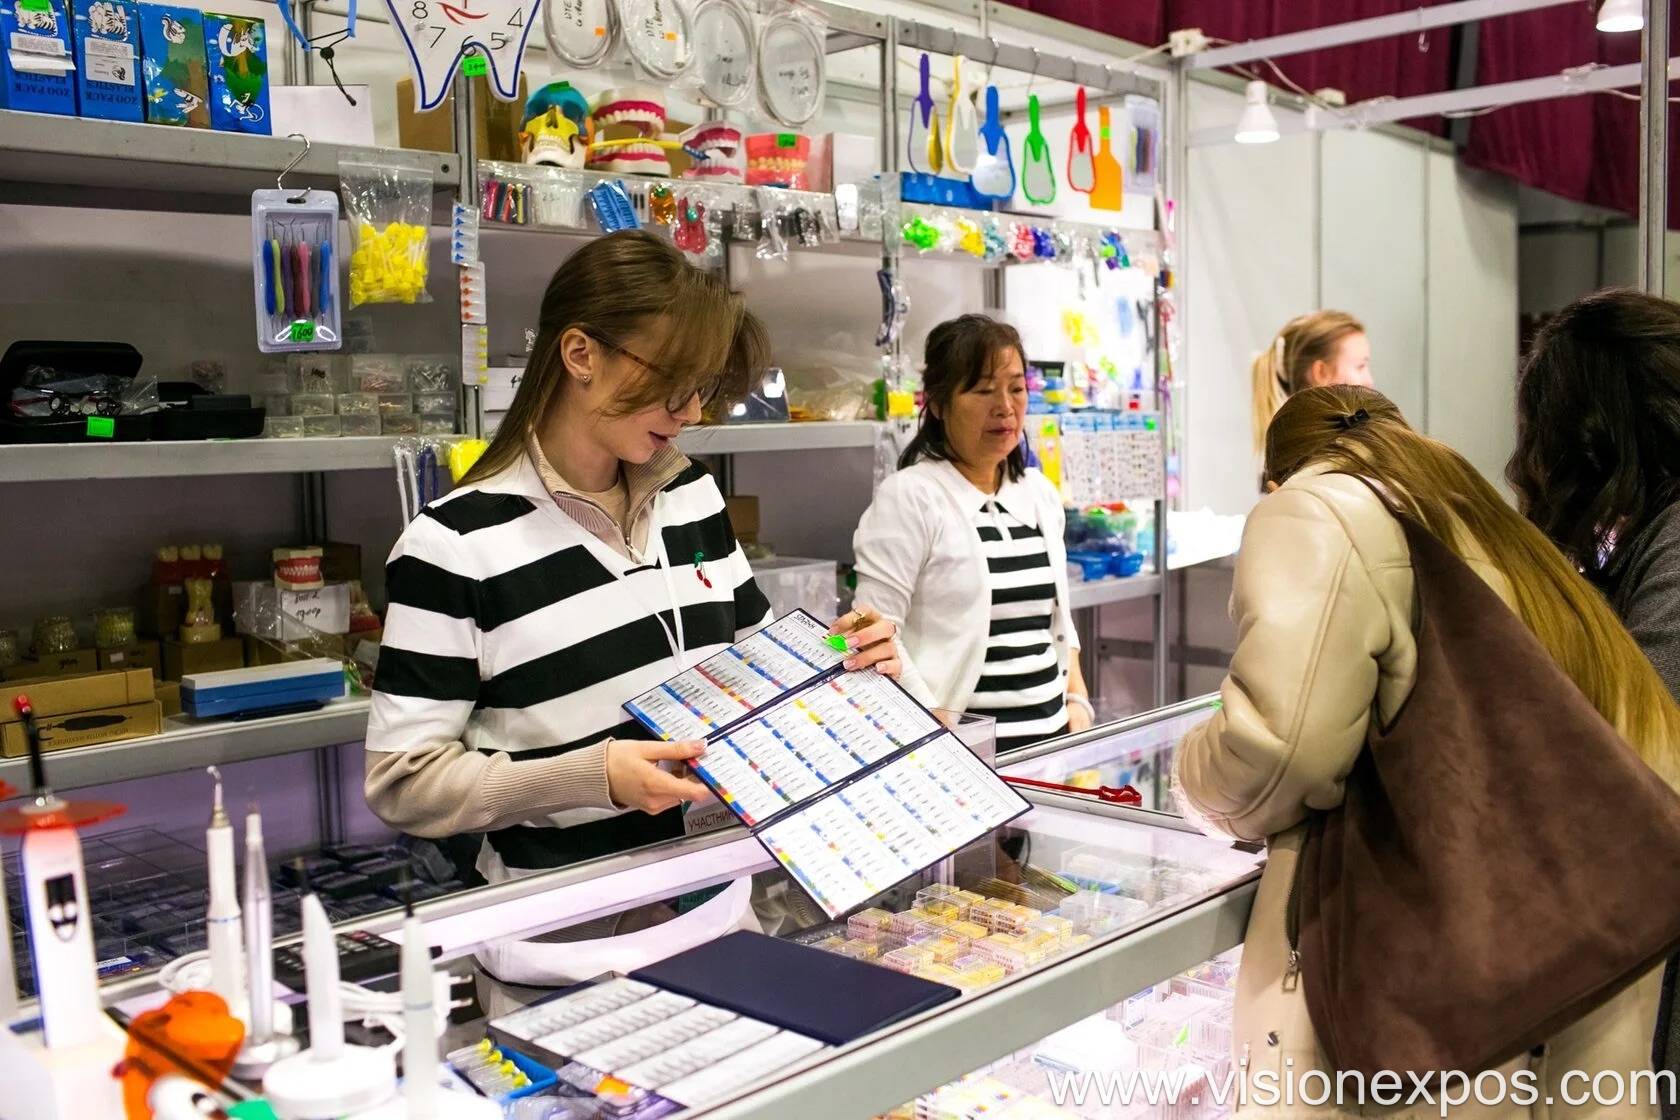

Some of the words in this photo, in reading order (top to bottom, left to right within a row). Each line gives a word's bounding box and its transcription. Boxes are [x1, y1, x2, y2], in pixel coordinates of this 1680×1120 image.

[412, 1, 428, 19] 8
[507, 7, 523, 28] 4
[430, 26, 446, 48] 7
[461, 35, 476, 56] 6
[491, 32, 506, 50] 5
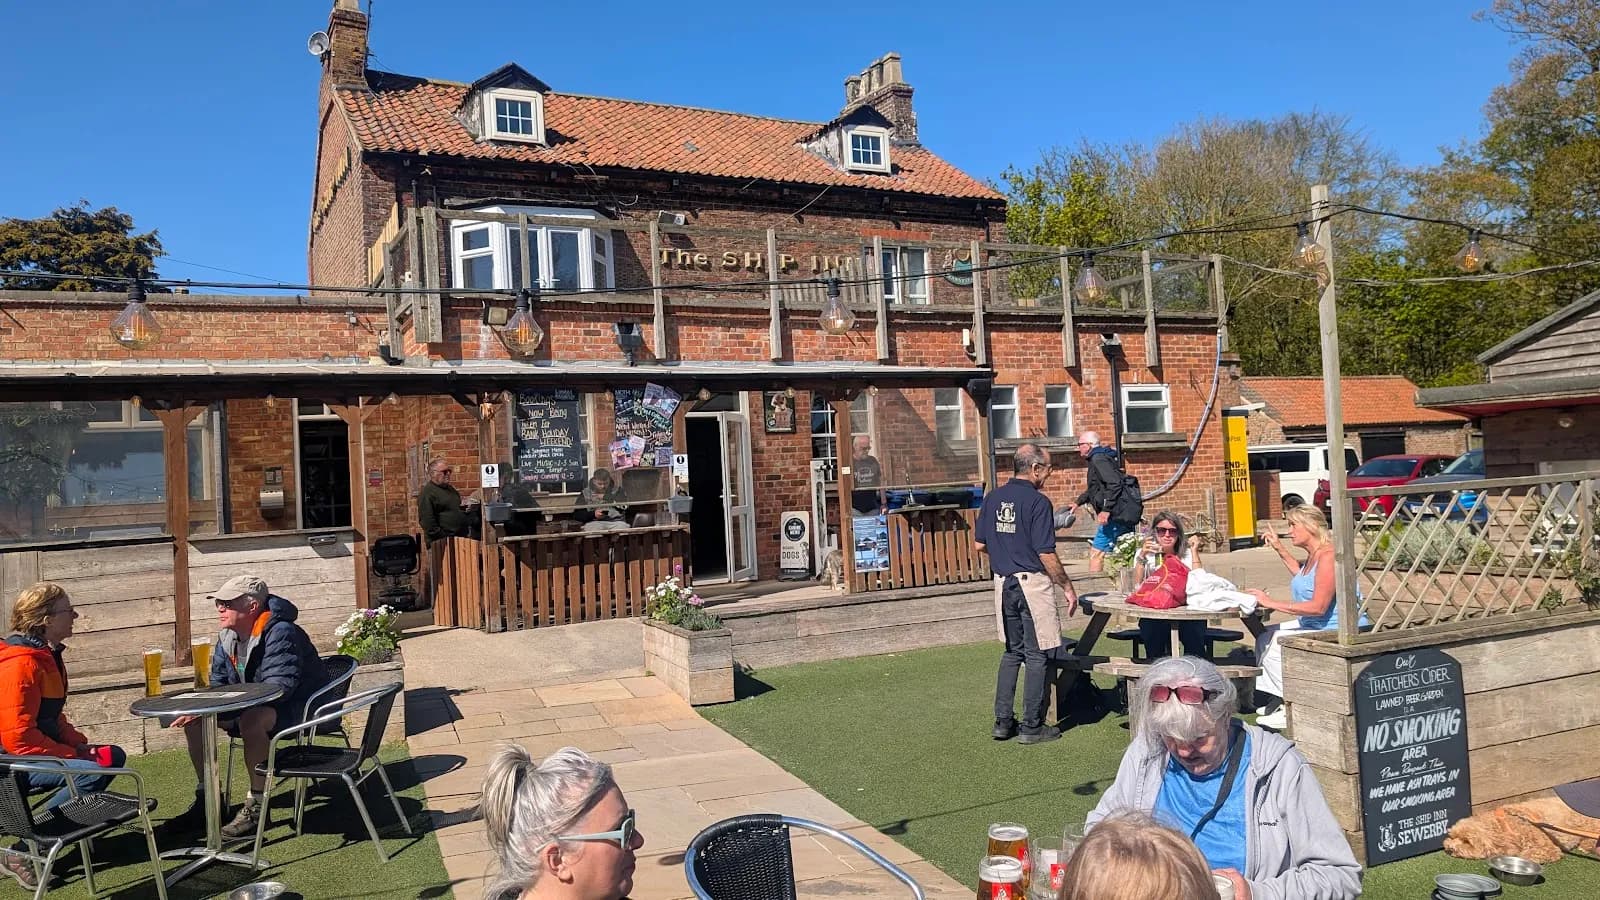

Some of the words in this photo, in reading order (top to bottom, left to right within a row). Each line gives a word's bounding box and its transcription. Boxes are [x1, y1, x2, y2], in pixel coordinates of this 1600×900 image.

[660, 248, 708, 267] The
[722, 251, 796, 271] SHP
[782, 551, 799, 560] DOGS
[1369, 673, 1420, 695] THATCHERS
[1376, 697, 1404, 711] LAWNED
[1405, 693, 1420, 705] BEER
[1421, 689, 1444, 702] GARDEN
[1363, 722, 1390, 752] NO
[1391, 708, 1461, 747] SMOKING
[1401, 745, 1428, 761] AREA
[1369, 786, 1384, 799] WE
[1384, 781, 1406, 796] HAVE
[1406, 777, 1422, 791] ASH
[1422, 771, 1447, 787] TRAYS
[1448, 768, 1460, 781] IN
[1382, 798, 1400, 813] OUR
[1400, 791, 1435, 809] SMOKING
[1435, 786, 1456, 801] AREA
[1398, 817, 1414, 830] THE
[1415, 813, 1432, 826] SHIP
[1433, 808, 1447, 821] INN
[1397, 819, 1449, 846] SEWERBY
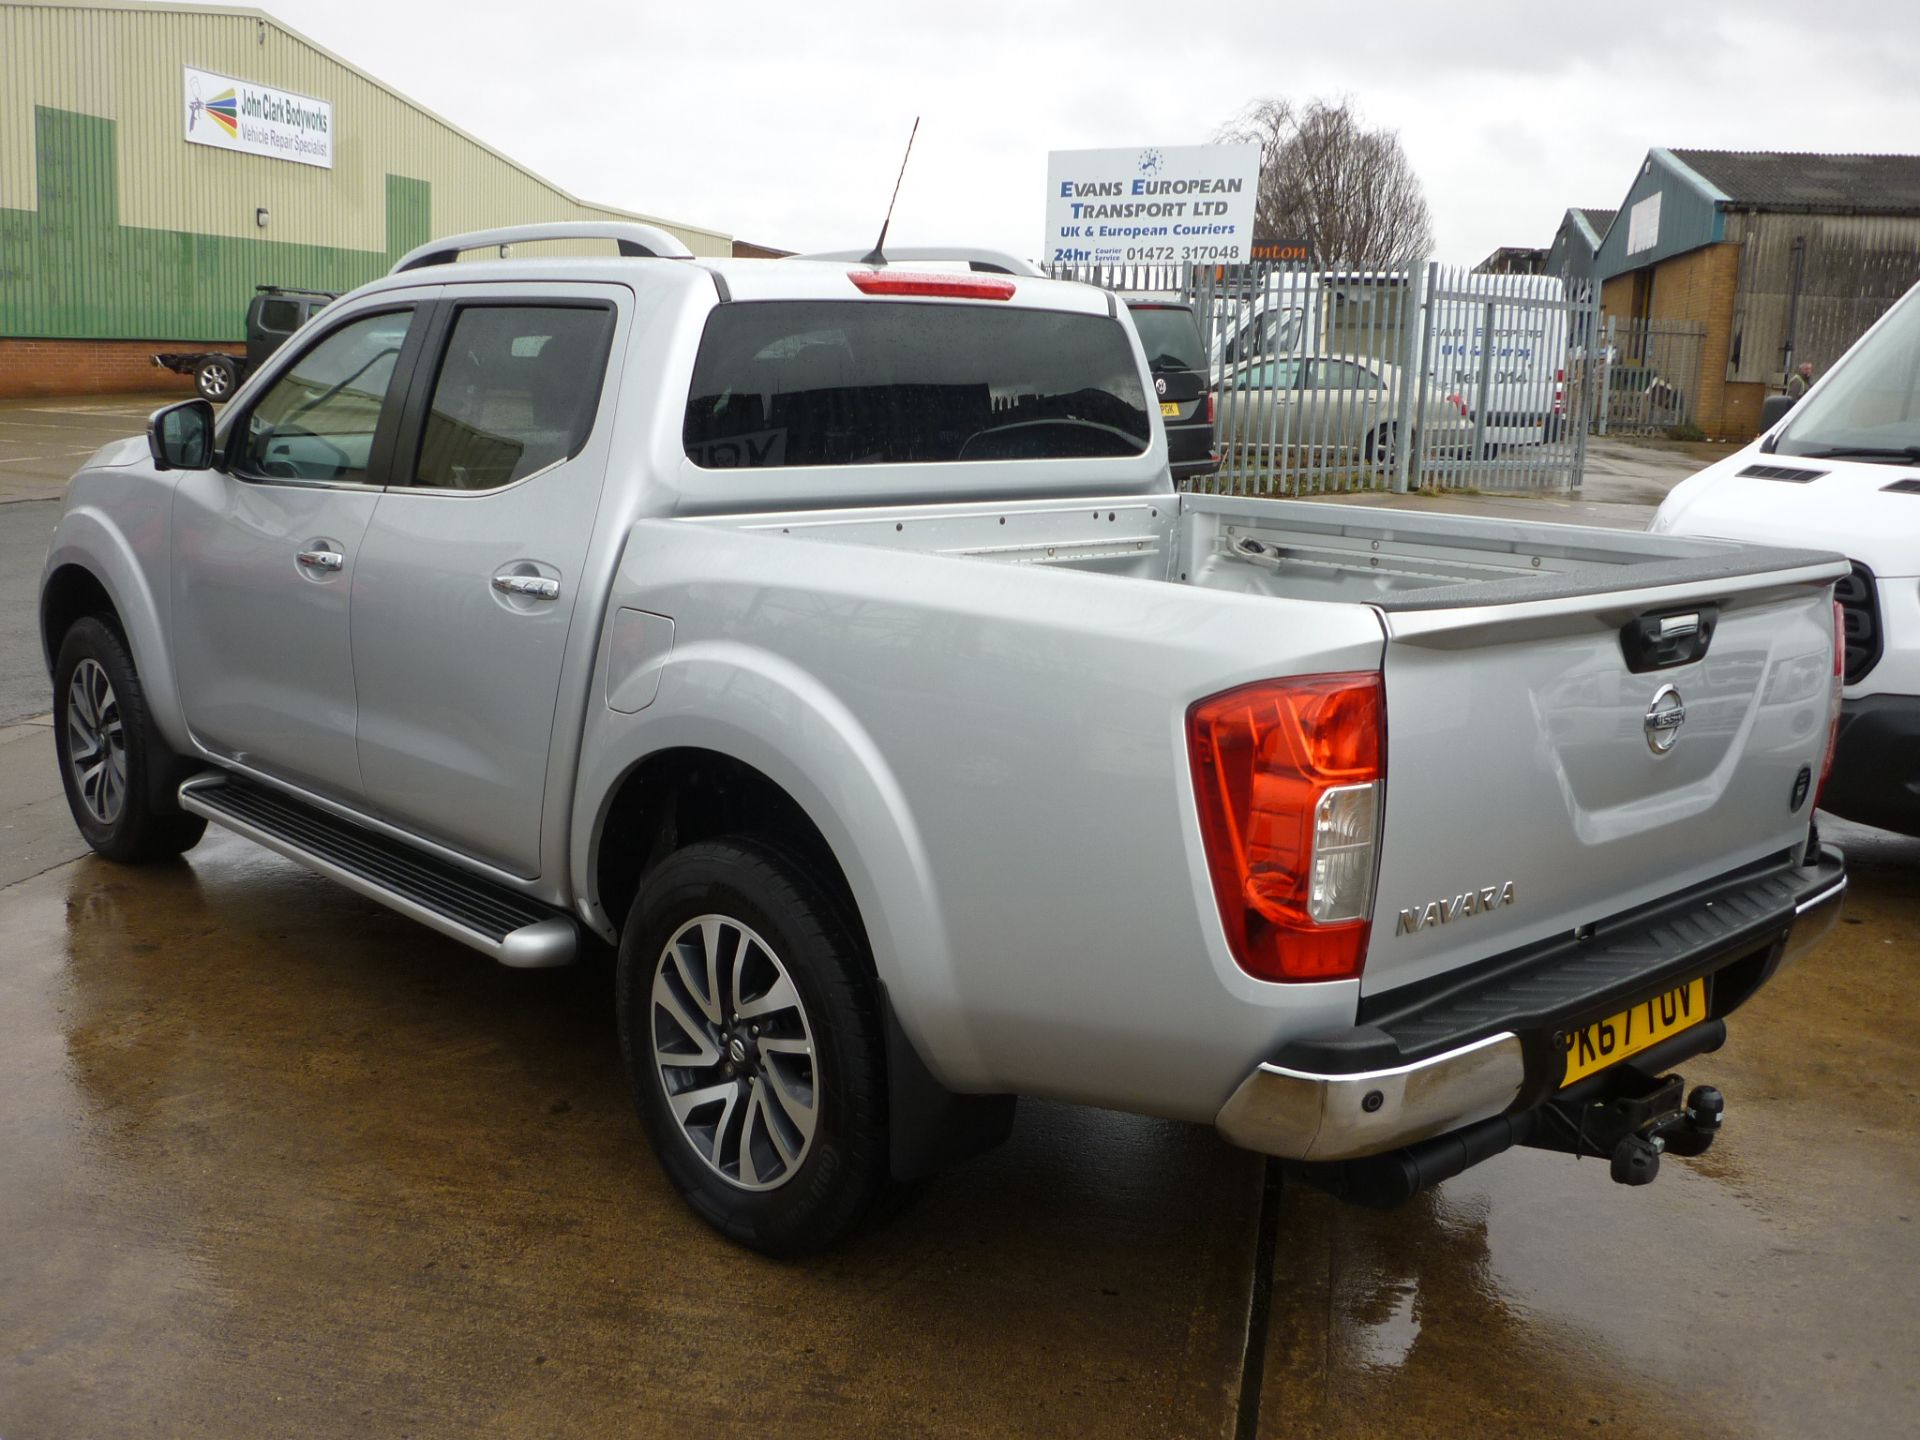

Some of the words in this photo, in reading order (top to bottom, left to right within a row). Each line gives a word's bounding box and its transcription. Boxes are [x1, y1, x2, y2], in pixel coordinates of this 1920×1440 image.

[241, 89, 262, 118] John
[263, 94, 285, 124] Clark
[286, 99, 328, 134] Bodyworks
[241, 123, 269, 145] Vehicle
[270, 129, 294, 151] Repair
[294, 134, 327, 157] Specialist
[1060, 181, 1122, 197] EVANS
[1131, 178, 1243, 196] EUROPEAN
[1070, 202, 1187, 220] TRANSPORT
[1192, 201, 1229, 217] LTD
[1060, 226, 1081, 237] UK
[1084, 226, 1094, 237] &
[1099, 225, 1168, 239] European
[1172, 224, 1236, 236] Couriers
[1054, 248, 1092, 261] 24hr
[1094, 254, 1121, 262] Service
[1095, 247, 1122, 255] Courier
[1126, 246, 1174, 261] 01472
[1181, 244, 1239, 260] 317048
[1395, 880, 1515, 937] NAVARA

TASK TO COMPLETE ▸
The reply must consist of the complete listing, reproduced exactly, with no images.

ANSWER SECTION ▸
Some of the words in this photo, in reading order (top to bottom, left to right within a row). Each line gives a word's bounding box and its transcription. Boxes are [x1, y1, x2, y2], in pixel coordinates of this 1680×1120 image.

[412, 1, 428, 19] 8
[507, 7, 523, 28] 4
[430, 26, 446, 48] 7
[461, 35, 476, 56] 6
[491, 32, 506, 50] 5

Some of the words in this photo, in reading order (top to bottom, left to right within a row). Each line gives a word's bounding box and its transcription. Boxes are [x1, y1, x2, y2], in pixel coordinates of this 1600×900 image.

[660, 248, 708, 267] The
[722, 251, 796, 271] SHP
[782, 551, 799, 560] DOGS
[1369, 673, 1420, 695] THATCHERS
[1376, 697, 1404, 711] LAWNED
[1405, 693, 1420, 705] BEER
[1421, 689, 1444, 702] GARDEN
[1363, 722, 1390, 752] NO
[1391, 708, 1461, 747] SMOKING
[1401, 745, 1428, 761] AREA
[1369, 786, 1384, 799] WE
[1384, 781, 1406, 796] HAVE
[1406, 777, 1422, 791] ASH
[1422, 771, 1447, 787] TRAYS
[1448, 768, 1460, 781] IN
[1382, 798, 1400, 813] OUR
[1400, 791, 1435, 809] SMOKING
[1435, 786, 1456, 801] AREA
[1398, 817, 1414, 830] THE
[1415, 813, 1432, 826] SHIP
[1433, 808, 1447, 821] INN
[1397, 819, 1449, 846] SEWERBY

Some of the words in this photo, in reading order (top to bottom, left to right within a row). Each line gives a word's bounding box and its transcription. Boxes are [x1, y1, x2, y2], in pixel coordinates of this 1920×1440 image.

[241, 89, 262, 118] John
[263, 94, 285, 124] Clark
[286, 99, 328, 134] Bodyworks
[241, 123, 269, 145] Vehicle
[270, 129, 294, 151] Repair
[294, 134, 327, 157] Specialist
[1060, 181, 1122, 197] EVANS
[1131, 178, 1243, 196] EUROPEAN
[1070, 202, 1187, 220] TRANSPORT
[1192, 201, 1229, 217] LTD
[1060, 226, 1081, 237] UK
[1084, 226, 1094, 237] &
[1099, 225, 1168, 239] European
[1172, 224, 1236, 236] Couriers
[1054, 248, 1092, 261] 24hr
[1094, 254, 1121, 262] Service
[1095, 247, 1122, 255] Courier
[1126, 246, 1174, 261] 01472
[1181, 244, 1239, 260] 317048
[1395, 880, 1515, 937] NAVARA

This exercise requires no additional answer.